今回は一万字超えてませんが、私は風邪です。


かなり急ぎ足で詰めました。
でも圏内事件なんてぶっちゃけどうでもいいから大丈夫だな(白状


第7話

 茶褐色の外套を纏った子供は空を見上げる。流れる雲、僅かに陰りを帯びた太陽、夕焼けに染まる世界。暫くすれば夜の帳が下りるであろう時間だが子供は――ナッツは主街区の外に居た。所謂、圏外と呼べる場所であり、死ぬ可能性が高いと言える場所でもある。

 夜になれば敵Mobの出現率も上がり、同時に犯罪者(オレンジ)プレイヤーも夜の影に隠れる事も出来る。

 そんな中、ナッツは呑気に空を見上げていた。常に被っていたフードを外し、樹の根元へと座っている。瞼を下ろして、深呼吸を繰り返して、膝を抱いている腕に顔を下ろす。

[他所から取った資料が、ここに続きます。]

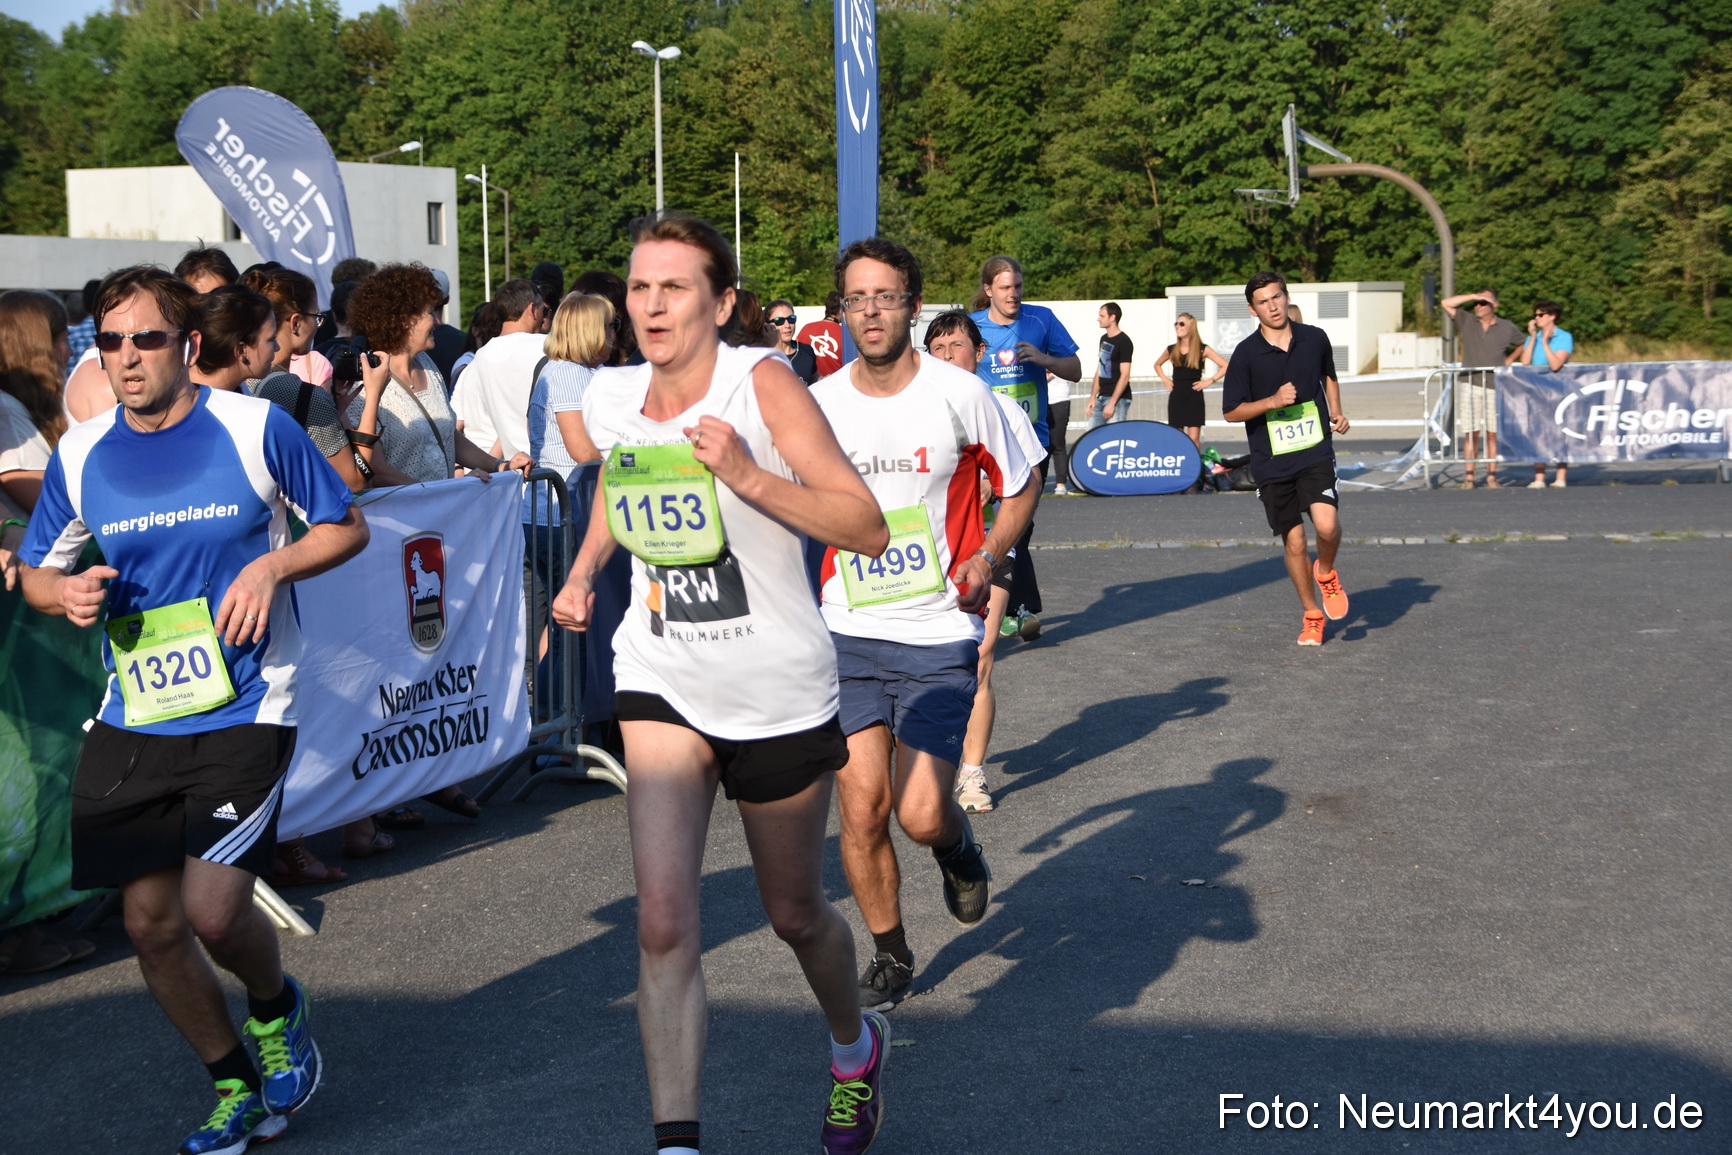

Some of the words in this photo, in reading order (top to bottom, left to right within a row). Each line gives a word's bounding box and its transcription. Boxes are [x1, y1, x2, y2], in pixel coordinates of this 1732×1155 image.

[991, 364, 1024, 376] camping
[1586, 401, 1732, 432] Fischer
[1275, 420, 1314, 441] 1317
[1599, 431, 1723, 447] AUTOMOBILE
[354, 453, 371, 475] SONY
[1106, 452, 1186, 471] Fischer
[1114, 468, 1182, 479] AUTOMOBILE
[101, 503, 239, 535] energiegeladen
[615, 493, 706, 532] 1153
[660, 540, 686, 548] Krieger
[849, 543, 926, 582] 1499
[667, 567, 719, 604] RW
[871, 584, 884, 592] Nick
[418, 623, 438, 642] 1628
[670, 624, 755, 642] RAUMWERK
[128, 646, 211, 693] 1320
[156, 693, 177, 704] Roland
[178, 691, 195, 699] Haas
[212, 812, 239, 821] adidas

 決して眠る訳ではない。元々、()()()()()ナッツはそこまで睡眠を必要と感じていない。

 ゆっくりと呼吸を続ける。

 

 吸う、吐く――吸う、吐く――

 

 吸う――吐く――――吸う――――

 

 

 呼吸だけをしていた()()がピクリと瞼を動かし、瞼を上げる。

 ソコには女が居た。編み込まれた金髪を後ろに流し、透き通るような肌と青の瞳。まるで騎士のような甲冑に抜き身の片刃の両手剣を持った美女。その美女の頭上にはココが現実世界ではない証の様にカーソルが存在し、そして()()()()()()()()()の様にソレはオレンジ色に染まっていた。

 

「いけませんよ。こんな時間にこんな場所に居ては。悪い(わるーい)プレイヤーも居るんですから」

 

 まるで忠告のように美女はそう言った。そんな言葉を呆れるように溜め息を吐き出して聞き流したナッツは立ち上がり付いてもいない埃を払った。

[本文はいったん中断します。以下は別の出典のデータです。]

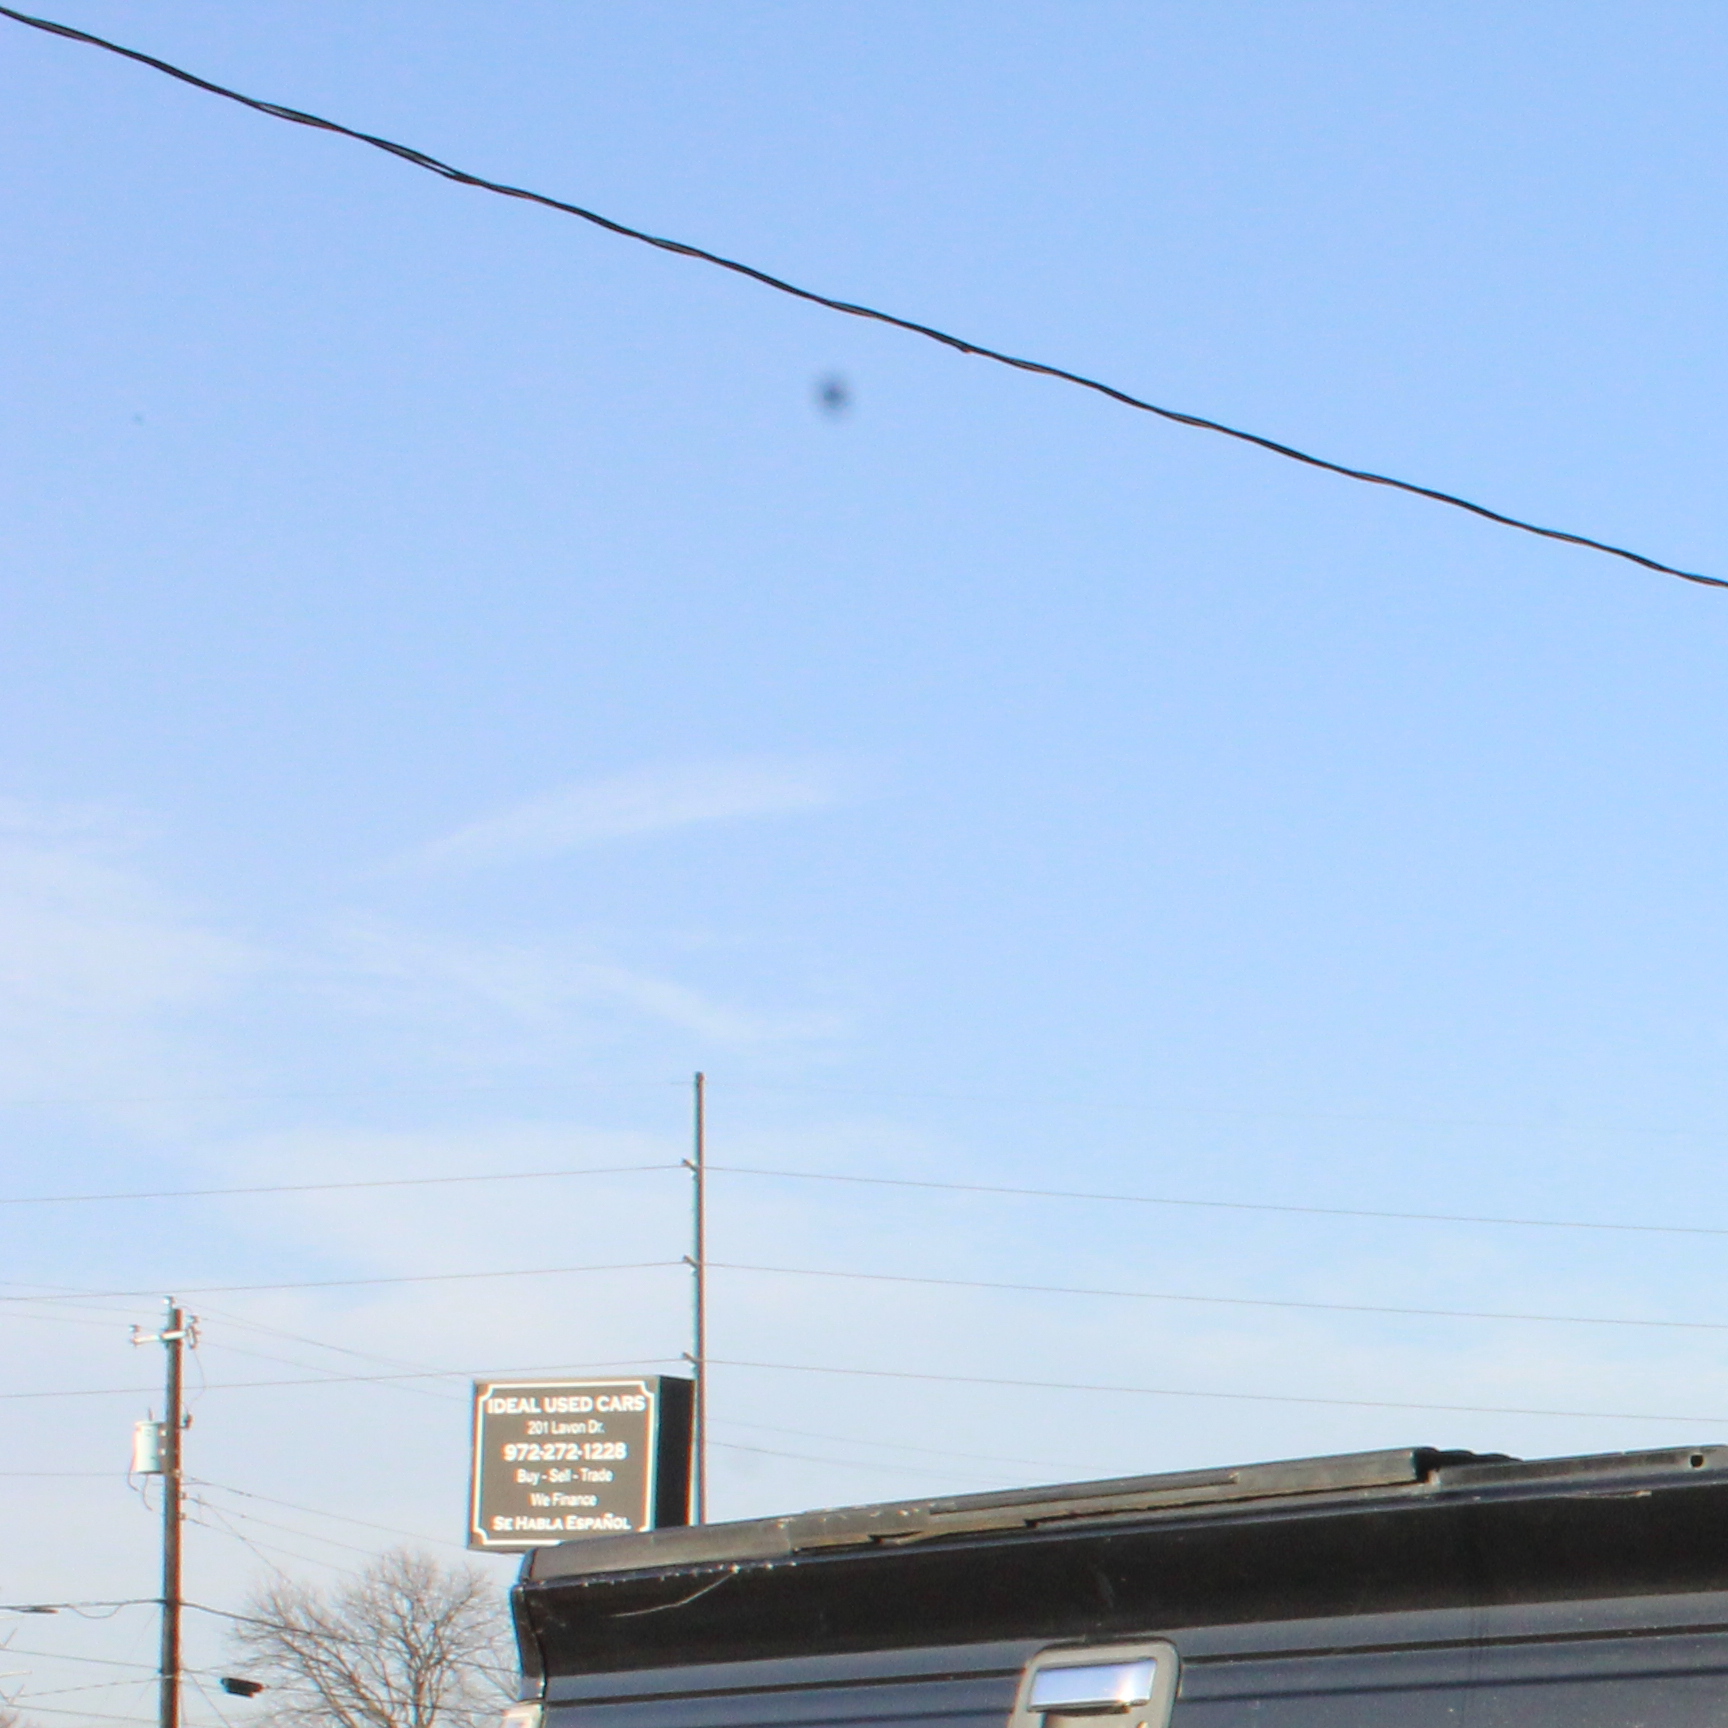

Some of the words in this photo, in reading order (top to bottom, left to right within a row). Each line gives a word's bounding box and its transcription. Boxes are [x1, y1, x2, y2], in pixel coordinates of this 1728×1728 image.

[487, 1398, 541, 1414] IDEAL
[544, 1397, 592, 1413] USED
[596, 1395, 646, 1412] CARS
[527, 1421, 548, 1435] 201
[551, 1420, 586, 1434] Lavon
[588, 1419, 605, 1433] Dr.
[516, 1468, 540, 1485] Buy
[549, 1468, 572, 1482] Sell
[580, 1468, 614, 1482] Trade
[530, 1493, 550, 1507] We
[552, 1493, 597, 1507] Finance

 美女はニンマリと笑みを浮かべて剣を握り直す。剣先をナッツに向けながら腕を引き、一足で距離を詰めて踏み込む。まるでバネでも仕込だかの如く剣を突き出しした。

 

「――隠蔽スキル、弱いんちゃう?」

「そもそも発動してませんから」

「さいで」

 

 突き出された剣が自身の顔の横を素通りしても眉一つ動かさずにナッツは目の前の美女に対して呆れながら一言。その一言も美女はニッコリと笑んだまま応えてナッツは更に呆れたように溜め息を吐き出してから腰から《フォレスト・キール》を取り出して後ろをチラリと見やる。

 剣に突き刺され既にポリゴン片へと変換されていく狼型の敵Mobを見送りながら、同種のMob達を視界へと入れた。

 

 

 

 

 

 

 

 

「さて、報告を聞こか」

「はい、我が君」

 

 格好に倣うように、片膝を着き礼をした女――ウィード(weed)は自身の主君たる存在に得た情報を提示していく。

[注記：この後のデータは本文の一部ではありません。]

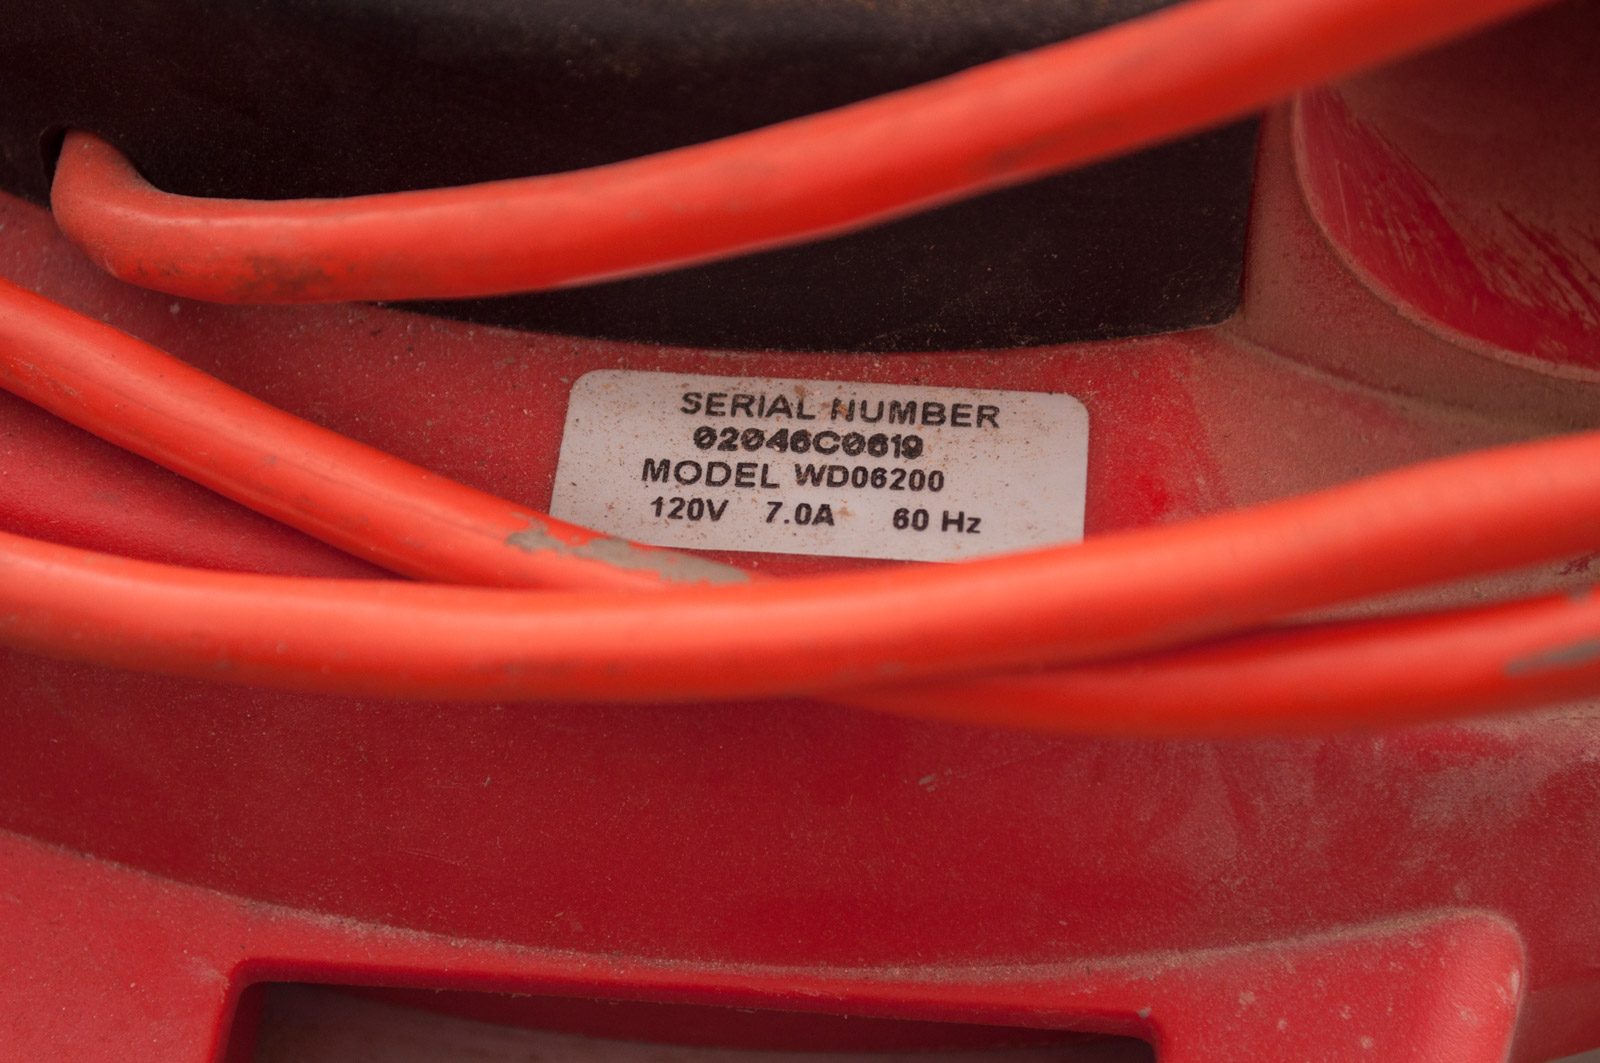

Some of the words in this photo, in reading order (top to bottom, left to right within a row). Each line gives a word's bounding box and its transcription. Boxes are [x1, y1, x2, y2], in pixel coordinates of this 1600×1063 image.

[680, 391, 817, 420] SERIAL
[830, 399, 1001, 429] NUMBER
[641, 458, 780, 490] MODEL
[794, 463, 946, 493] WD06200
[649, 495, 729, 523] 120V
[765, 501, 835, 526] 7.0A
[892, 508, 930, 532] 60
[941, 510, 983, 535] Hz

 ギルド・黄金林檎。そこで起きた事の顛末。そして事件を起こした殺人ギルド・ラフィン・コフィン(笑う棺桶)

 ――事の始まりは《黄金林檎》でドロップした敏捷力を上昇させる指輪が原因であった。換金か、ギルドで使用か。どちらともがギルドを考えた答えであった。そのどちらも望みは叶える事は出来なかったが。

 黄金林檎のリーダー、グリセルダの死亡。同時に指輪の紛失。偶然にしては出来すぎた死亡。暗殺、共謀、疑心暗鬼。お互いに信じられない状態でギルドという群れは存続する訳もない。

 

「それで、我が君は誰が犯人と思いますか?」

「シュミット……とは言いたいけど、ちゃうやろなぁ」

「あら、そうでしょうか。人は追い詰められれば人なんて容易く殺してしまうモノでしょう?」

「逆に言えば追い詰められなシュミットは人を殺せん人間や」

「あら、知り合いでしたか」

壁役(タンク)として何回か喋っただけやけどな」

 

 それでも為人(ひととなり)はある程度把握している様にナッツは言い放つ。少なくとも、ナッツの知るシュミットなる人物は人を殺して素知らぬ顔を出来るような人間ではない。だから疑いを外す。

 

「まあグリムロックが有力やな」

「そうでしょうか? 死んだグリセルダの夫だったみたいですが」

「夫婦だろうと、人は追い詰められれば人を殺すモンやろ?」

「……そうですね。アナタに嫌味を言われる程に当然の事でした」

「君は僕が常に嫌味を言うような存在やと思っとるん?」

「そんな、我が君に嘘を言うわけがありません」

「思っとるんやな」

 

 大きく溜め息を吐き出したナッツに満足したようでウィードは立ち上がり、甲冑に付いてしまった草を払う。

 

「それで、ヒースクリフはどうでしたか?」

「アレは灰色のまんまやな」

「そうですか。白ではなくて安心しました」

「今からヒースクリフが白くなるんやったら……せやな。血盟騎士団がSAO最強じゃなくなるぐらいやな」

 

 無理でしょうね、と断じたウィードを見つめながらナッツは小さく息を吐き出した。

 数時間前にナッツとヒースクリフが喋っていた内容は実に普通の事だった。あのモンスターは経験値が美味しい、狩場の優先順位、戦力の底上げなど。実にギルド長として――トップギルドと名高い血盟騎士団と底辺ギルドである《クラウン・ブラウニー》との差はあったが――有益な情報交換は出来た。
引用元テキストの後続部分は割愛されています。